Role of magnified ileoscopy in the diagnosis of cases of coeliac disease with predominant abdominal symptoms.Scand J Gastroenterol. 2009; 44(3):320-4.SJ
Less severe histological changes have sometimes been reported in the terminal ileum (TI) of coeliac patients. The aim of this work was to assess whether magnified ileoscopy and the corresponding biopsy could be used when diagnosing coeliac disease (CD). This would be of clinical value in coeliac patients who show predominant abdominal symptoms and who undergo colonoscopy with ileoscopy as first clinical examination.
MATERIAL AND METHODS
All patients underwent conventional and magnified ileoscopy, along with histological examination of macroscopic mucosal abnormalities, if present. Patients whose ileoscopy with biopsy suggested CD underwent a blood test for quantitative determination of anti-transglutaminase antibodies and upper gastrointestinal endoscopy with corresponding duodenal biopsy.

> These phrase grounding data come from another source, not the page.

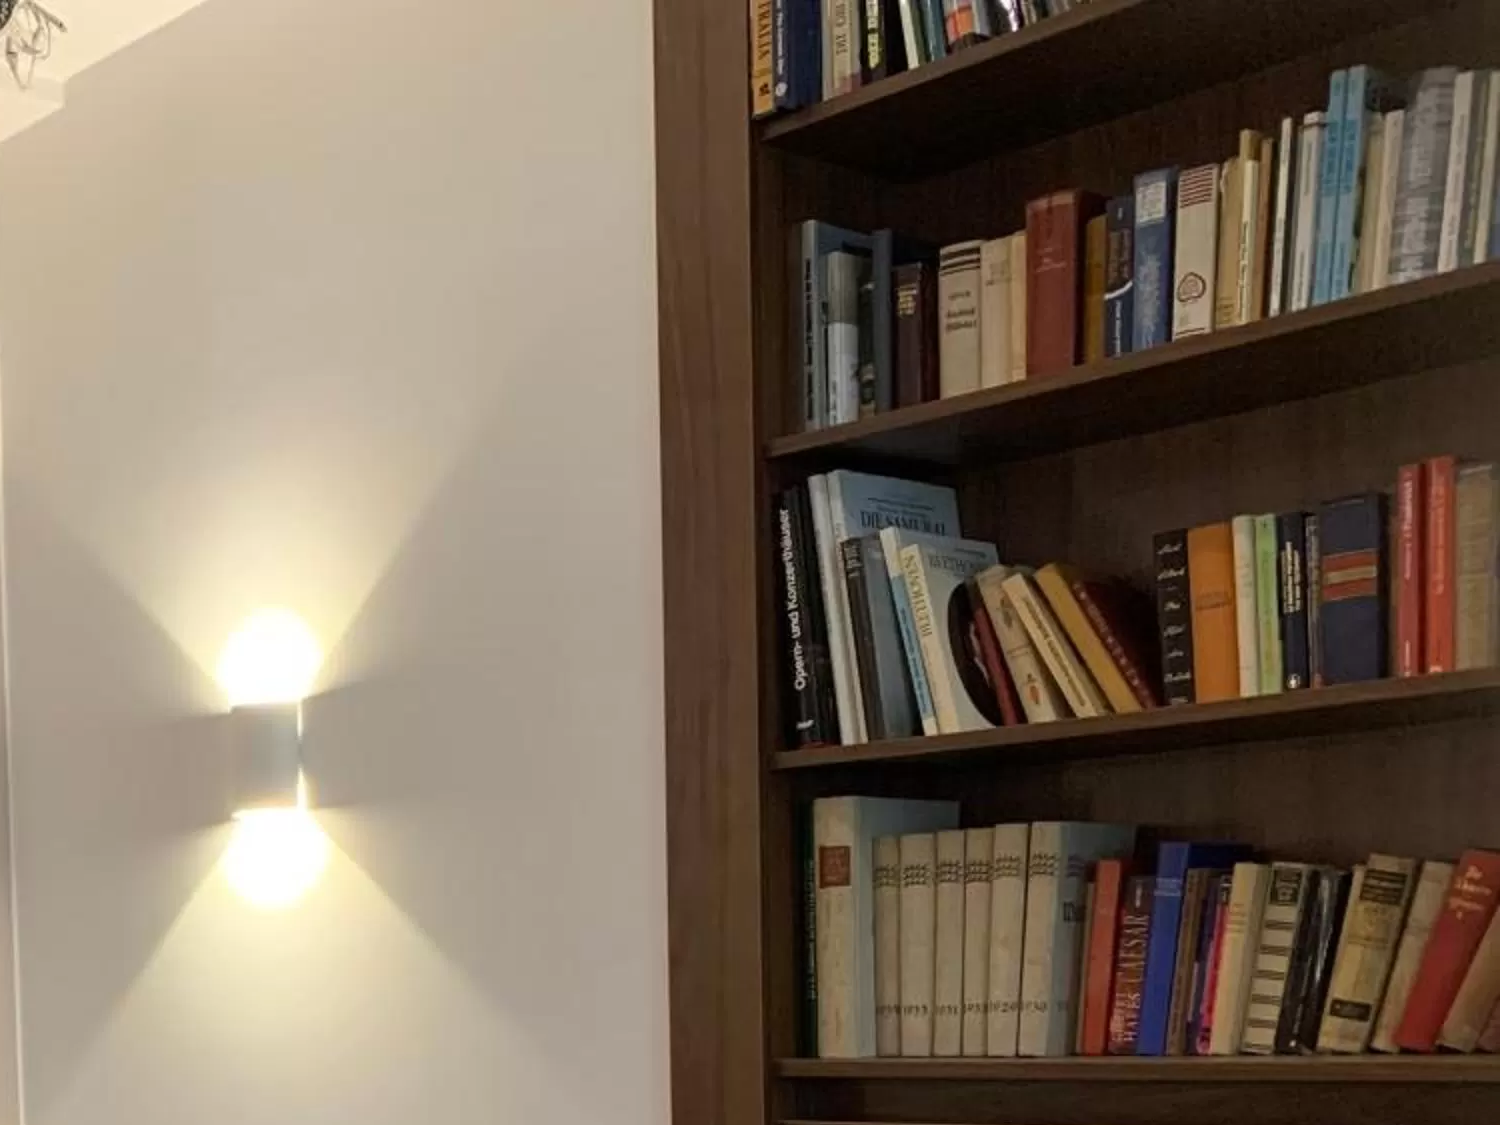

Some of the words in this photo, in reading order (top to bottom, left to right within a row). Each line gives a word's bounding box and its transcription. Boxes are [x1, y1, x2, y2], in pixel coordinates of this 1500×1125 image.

[789, 609, 802, 637] und
[794, 640, 808, 691] Opern-
[1121, 911, 1150, 985] CAESAR
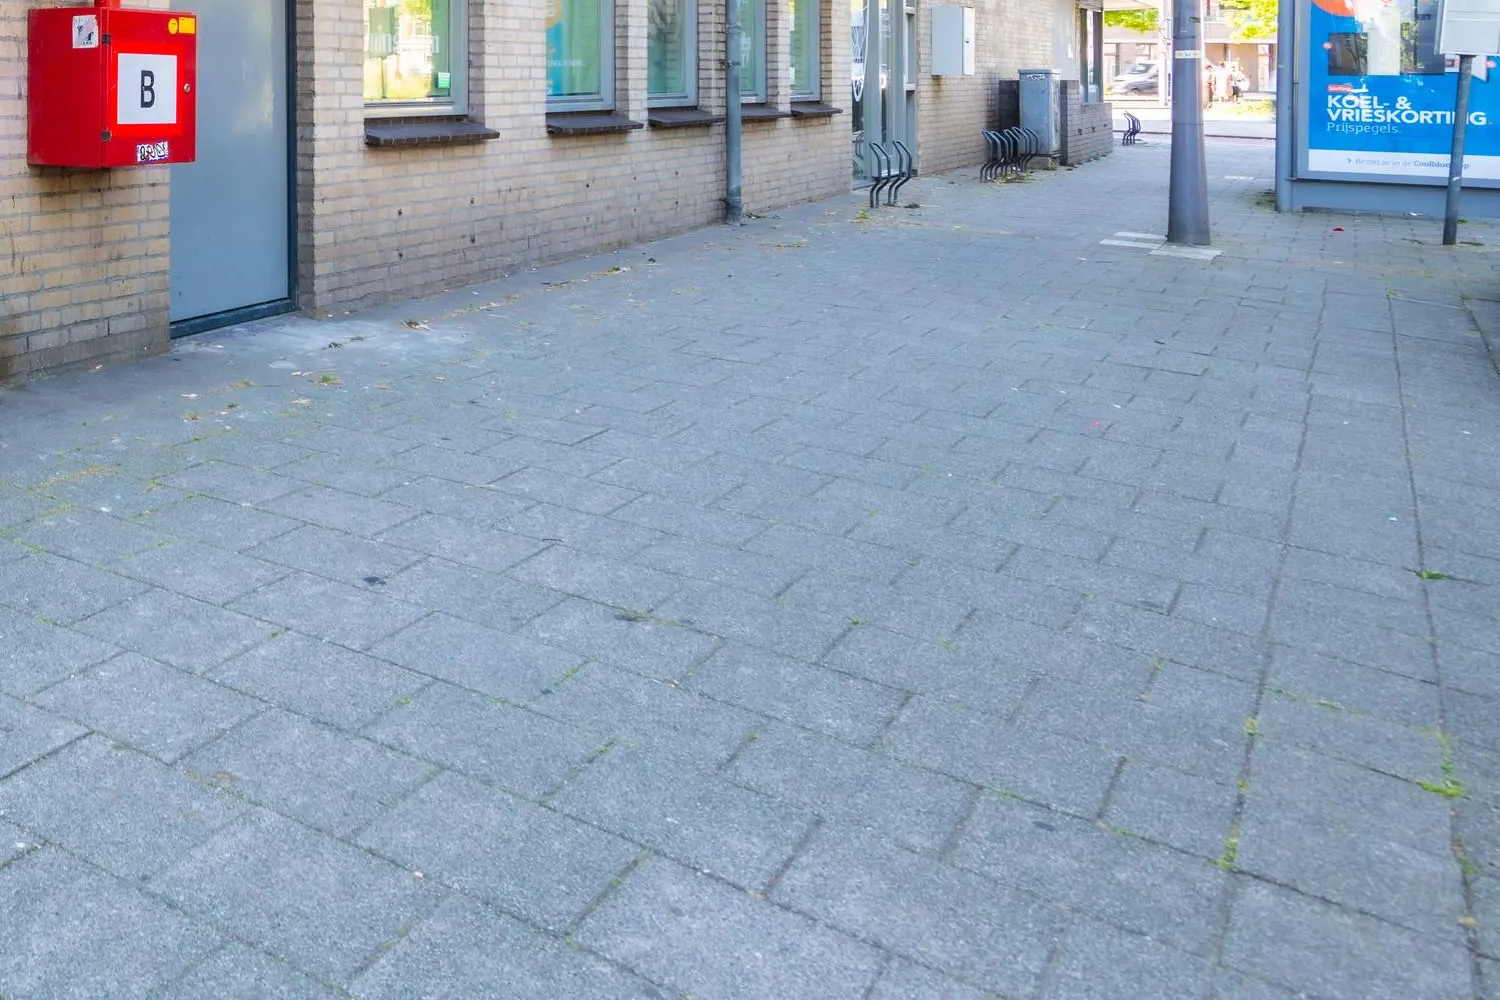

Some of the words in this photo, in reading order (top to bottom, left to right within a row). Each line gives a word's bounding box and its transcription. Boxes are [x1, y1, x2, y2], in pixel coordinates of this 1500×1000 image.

[140, 70, 155, 108] B
[1327, 95, 1389, 109] KOEL-
[1396, 96, 1411, 110] &
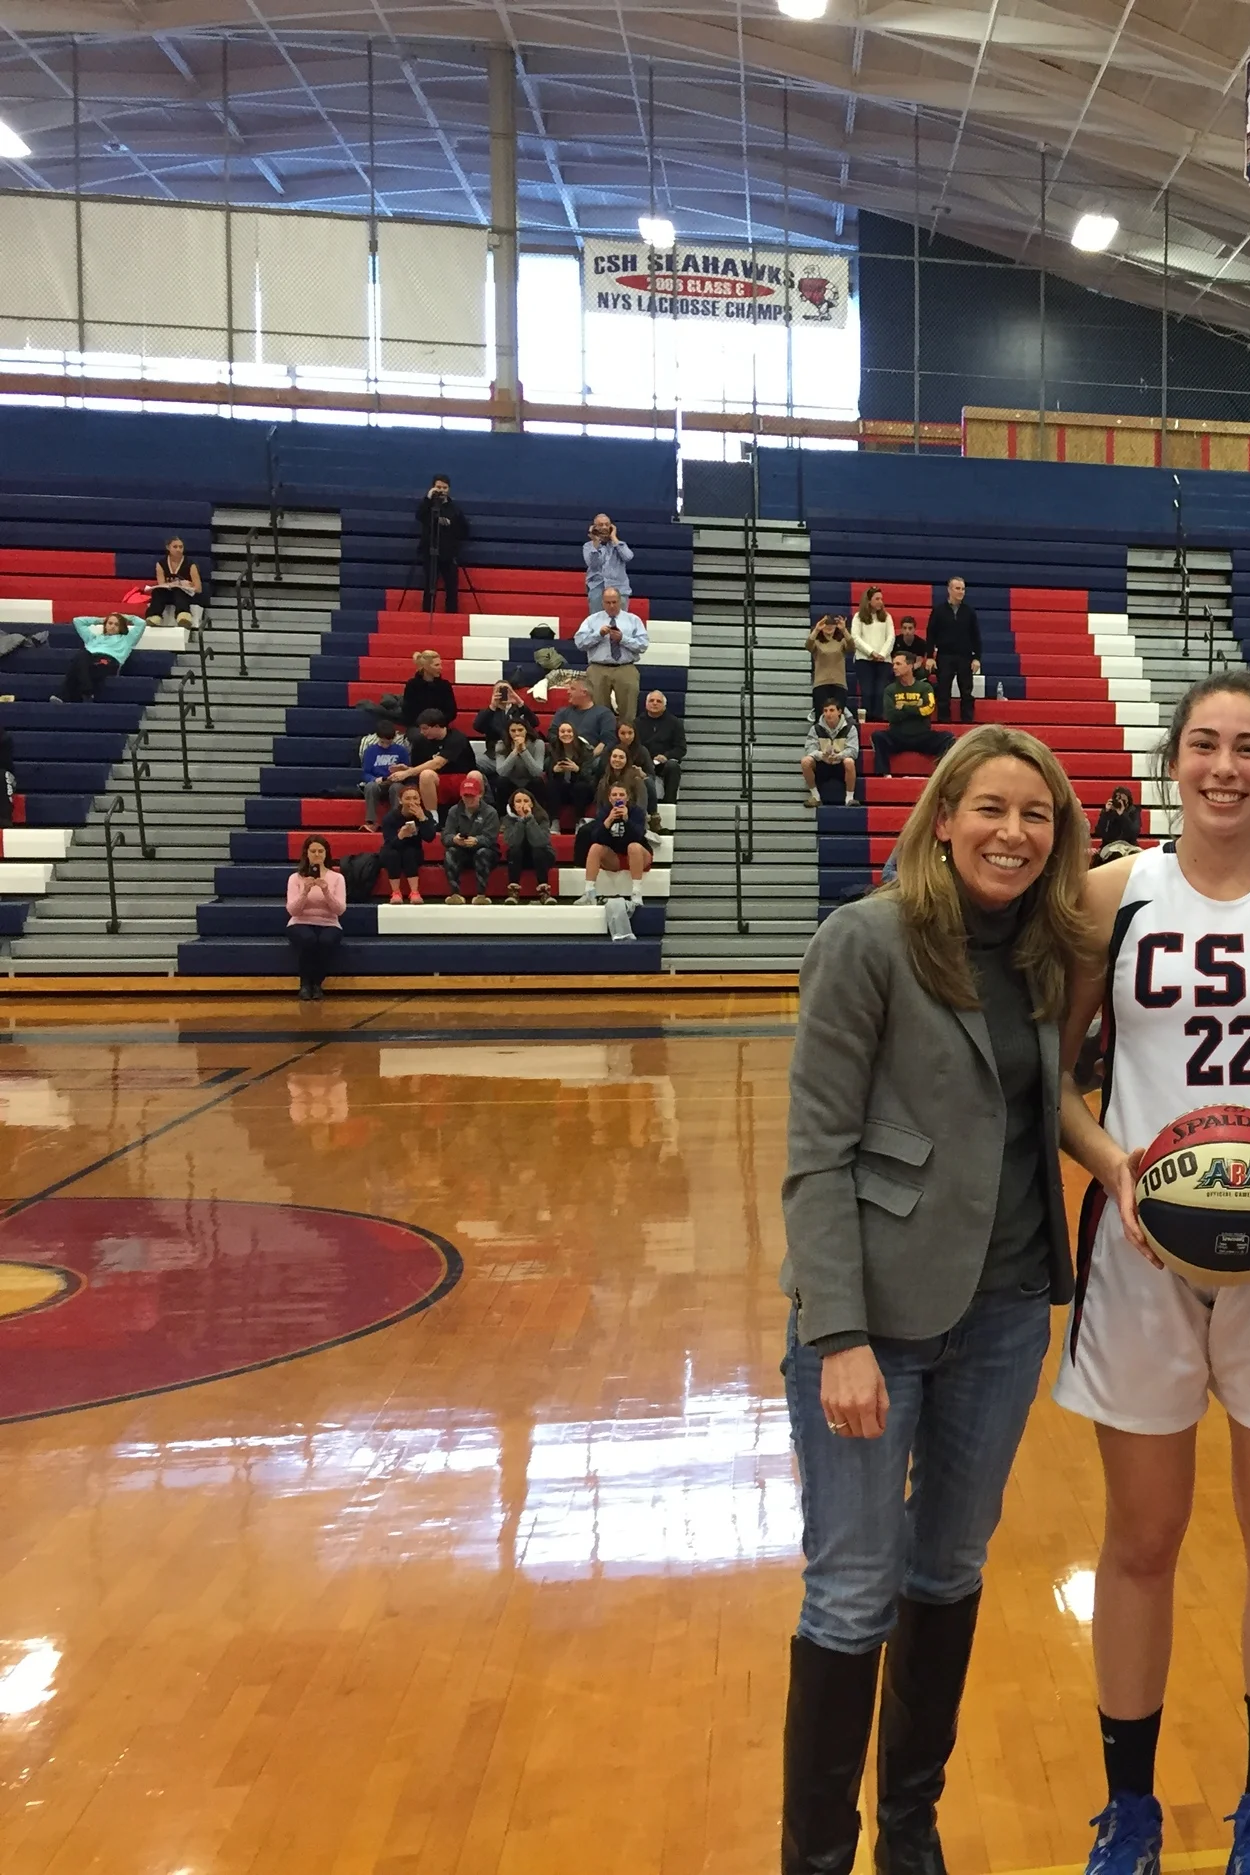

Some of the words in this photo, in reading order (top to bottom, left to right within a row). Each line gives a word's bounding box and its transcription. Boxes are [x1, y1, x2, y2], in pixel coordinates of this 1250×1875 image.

Out of 143 patients enrolled, 21 had a TI mucosal lesion, and 10 of these showed villous atrophy at ileoscopy only after magnification. Six showed a count of intra-epithelial lymphocytes (IELs) >25/100 enterocytes and upper intestinal lesions, confirming the diagnosis of CD. Finally, of four patients diagnosed with Crohn's disease, TI mucosal aftoid lesions were seen in two only in magnified view.
Magnified ileoscopy reliably recognizes the presence of mucosal villous subtotal or total atrophy at TI. This finding, even if not specific to CD, can address the diagnosis of CD. Magnification in the course of ileoscopy could also be useful in the diagnosis of Crohn's disease.